Ce vendredi était invité le pianiste italien Alberto Nosè, diplômé du Conservatorio di Musica de Vérone à l’âge de dix-sept ans, lauréat du ‘Jugendwettbewerb’ de Salzbourg en 1991, du Concours Chopin de Varsovie en 2000, Prix Vendôme de Paris la même année, Prix du World Piano Competition de Londres en 2002. 
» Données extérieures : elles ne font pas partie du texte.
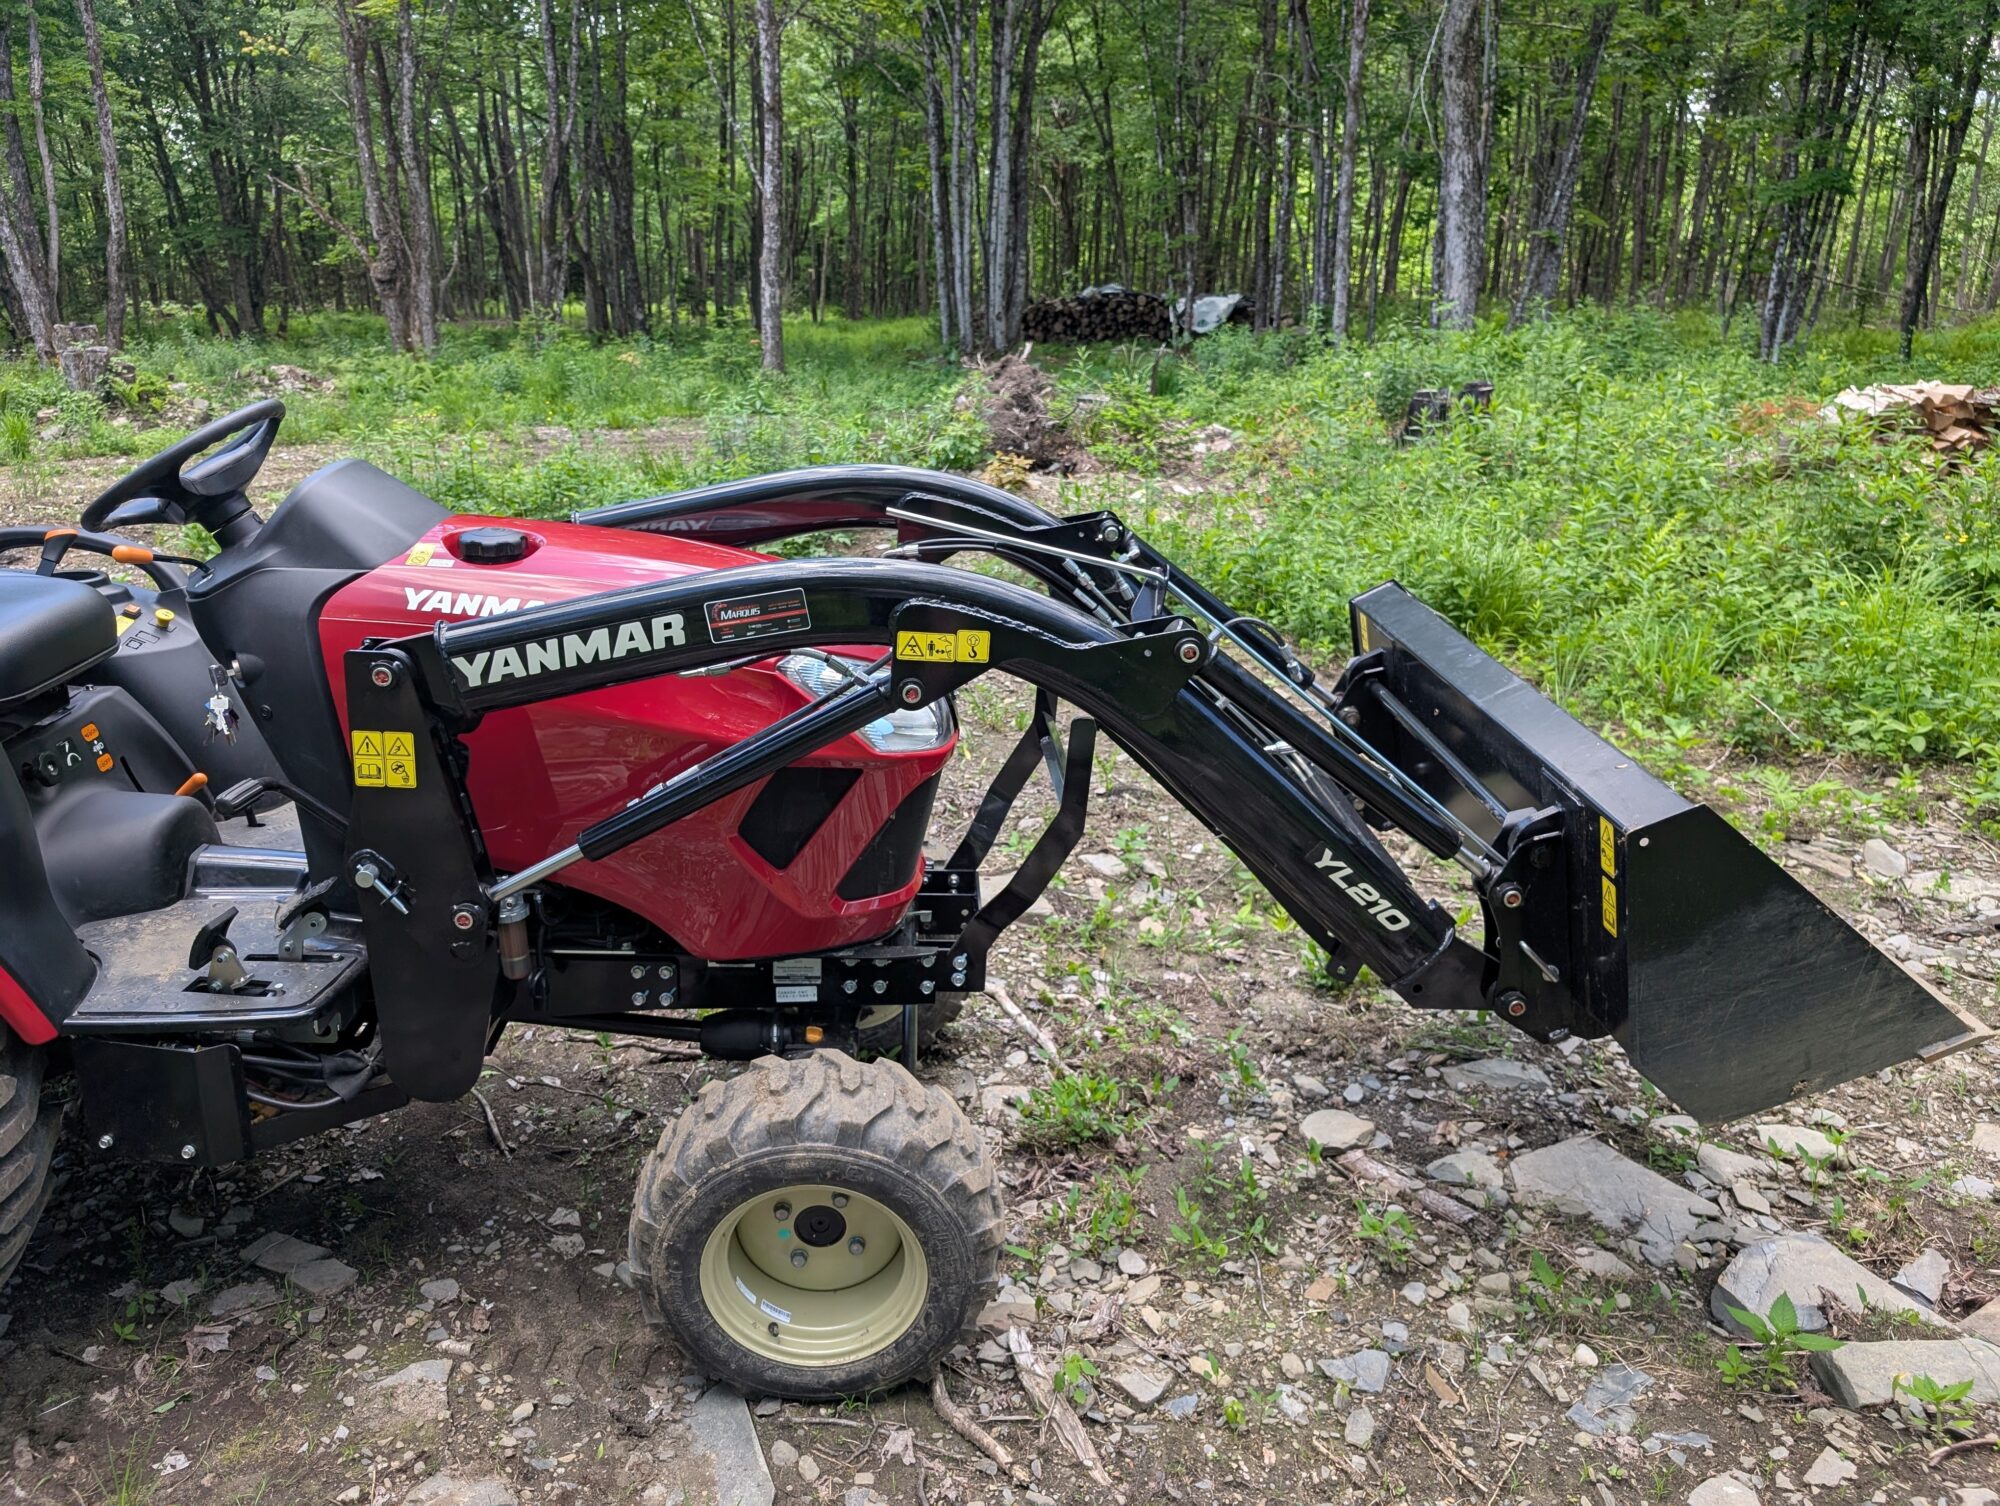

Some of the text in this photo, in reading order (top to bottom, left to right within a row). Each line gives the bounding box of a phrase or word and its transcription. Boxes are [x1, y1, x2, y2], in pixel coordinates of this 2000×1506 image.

[451, 613, 687, 688] YANMAR
[720, 606, 761, 621] MARQUIS
[1313, 847, 1411, 932] YL210
Aujourd’hui quadragénaire sympathique, il ouvre son programme avec la Première des Grandes Polonaises op.26 en ut dièse mineur en mettant immédiatement en valeur son sens inné des contrastes lui faisant attaquer à l’arraché les premiers accords aussitôt atténués par le lyrisme pathétique du motif ascendant qui utilise les volatine en petites notes pour aérer le discours, alors que le Meno mosso prend un caractère implorant qui émeut. La Barcarolle en fa dièse majeur op.60, abordée à tempo retenu, affiche un cantabile mélancolique que le double trille fait avancer en lui innervant une fluidité permettant la progression vers des sommets souvent anguleux. Les Trois Mazurkas trop peu connues de l’opus 56 en constituent la contre-épreuve par le legato rêveur qui imprègne le trait d’une fébrilité presque maladive, tandis que la deuxième a la véritable verve folklorique truffée d’audacieuses harmonies quand la troisième aspire avec tendresse à un monde lointain quelque peu étrange. Sous une lancinante mélancolie, la Première Ballade en sol mineur op.23 fait déferler la houle descendante sur les basses charpentées, tandis que le chant large en accords fait rapidement place à un volubile scherzando débouchant sur un Presto con fuoco effréné.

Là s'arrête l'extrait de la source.